Is Typecast from malloc recommended?
I have already read about it that it is not recommended to do the typecast of the malloc when we are allocating memory to a new pointer variable, and many websites and books teach this practice in memory allocation, it left me with some doubts.
- Why is it not recommended to do typecast from
malloc? - what kind of complications this practice can bring to my program?
An example with and without the typecast do malloc to illustrate the situation:
#include <stdio.h>
int main(void)
{
int * v, * x, * z;
v = (int *) malloc(sizeof(int));
z = (int) malloc(sizeof(int));
x = malloc(sizeof(int));
*v = 10;
*x = 5;
*z = 50;
printf("v=%i\nx=%i\nz=%i", *v, *x, *z);
return 0;
}
3 answers
As well as many authors and as it is written in the Article C-Malloc cast faq, everyone says that the typecast in C, it is not necessary, and due to automatic treatment of types void * for other types, then suggest not to make use of it, but there are cases when the typecast will still be needed.

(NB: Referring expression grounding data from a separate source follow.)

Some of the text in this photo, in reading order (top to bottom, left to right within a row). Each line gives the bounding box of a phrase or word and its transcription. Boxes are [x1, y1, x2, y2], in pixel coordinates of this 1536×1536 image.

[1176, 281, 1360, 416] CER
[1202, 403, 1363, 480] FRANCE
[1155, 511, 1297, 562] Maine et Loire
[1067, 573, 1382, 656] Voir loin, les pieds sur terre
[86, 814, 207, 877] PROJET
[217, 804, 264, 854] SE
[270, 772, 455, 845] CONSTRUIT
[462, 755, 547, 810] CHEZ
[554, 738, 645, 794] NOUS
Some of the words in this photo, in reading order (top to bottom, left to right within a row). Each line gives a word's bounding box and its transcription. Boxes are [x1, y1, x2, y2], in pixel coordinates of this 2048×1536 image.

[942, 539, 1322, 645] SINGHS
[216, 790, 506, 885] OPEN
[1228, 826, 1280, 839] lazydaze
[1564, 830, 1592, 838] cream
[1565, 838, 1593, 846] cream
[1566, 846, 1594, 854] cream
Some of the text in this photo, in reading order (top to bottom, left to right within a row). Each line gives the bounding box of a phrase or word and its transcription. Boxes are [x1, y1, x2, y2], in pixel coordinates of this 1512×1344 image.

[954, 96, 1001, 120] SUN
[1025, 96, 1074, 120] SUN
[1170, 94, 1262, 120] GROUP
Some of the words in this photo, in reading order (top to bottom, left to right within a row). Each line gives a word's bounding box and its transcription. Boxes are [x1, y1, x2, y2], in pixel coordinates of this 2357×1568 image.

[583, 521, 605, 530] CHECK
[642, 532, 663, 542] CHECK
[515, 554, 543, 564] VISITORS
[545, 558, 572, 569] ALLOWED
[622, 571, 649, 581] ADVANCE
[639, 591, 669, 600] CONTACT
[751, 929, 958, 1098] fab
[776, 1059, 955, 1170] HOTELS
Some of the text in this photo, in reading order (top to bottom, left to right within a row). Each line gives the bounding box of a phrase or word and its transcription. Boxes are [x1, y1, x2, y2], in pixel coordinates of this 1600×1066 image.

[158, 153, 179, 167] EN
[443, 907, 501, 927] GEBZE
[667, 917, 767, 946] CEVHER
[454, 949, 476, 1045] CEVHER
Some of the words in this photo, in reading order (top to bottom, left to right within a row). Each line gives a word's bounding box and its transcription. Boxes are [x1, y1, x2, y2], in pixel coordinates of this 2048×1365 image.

What is the purpose of typecast?
The typecast serves only to make a pseudo conversion. This means that the value of the variable is not converted, but rather masked. Ex:
char c[] = {244,1,0,0}; // vetor de char com 4 posições
int *n; // ponteiro de inteiro
n = c;
printf("%d\n", *n);
csave values [244] [1] [0] [0].
cis a vector of 4 bytes.
nit has the size of 4 bytes as well asc
When assigning c to n, it will not give error, since the content to store values of both is the same. What happens is that char * is different from int *, and this generates a alert indicating this.
Some languages like Java and C++ would not allow this assignment, as they are different types. And that's where typecast{[29 comes in]}
n = (int *) c;
This prevents the compiler from sending an alert of different types of variables. And that's exactly what happens when you use malloc. The return void * is only being treated as int *, char *, or the one you're using.
Conclusion:
It is not as if the typecast was not recommended and not feasible, it is not necessary (on certain occasions). Using typecast to pass values from float to int, and unsigned to signed is used and not using it, can end up bringing problems to your code, but it can also mask some errors such as difference in size of structures and things like that, but are some problems caused by carelessness of developer.
References:
It is really not recommended to perform typecast, at least in C. The malloc return is in its essence a pointer to void (void*), being then implicitly converted to another pointer type.
As complications, I say from experience, the use of typecasts in C can mask problems that the compiler could ideally identify.
More information, in C-FAQ http://c-faq.com/malloc/cast.html
It is not recommended to cast to the result of malloc() for the compiler to indicate the error of missing #include <stdlib.h>.
Since the compiler has no information about the result type of malloc() it assumes that this function returns a value of type int. After
v = (int *) malloc(sizeof(int));
The explicit conversion converts this int (at this point you have already invoked UB, since you are treating the returned value as if it were a different type than it actually is) into a int *. Note that this conversion is not valid, but as it was an explicit request from the programmer the compiler does not complain. Finally the new (invalid) value of type int * is assigned to variable.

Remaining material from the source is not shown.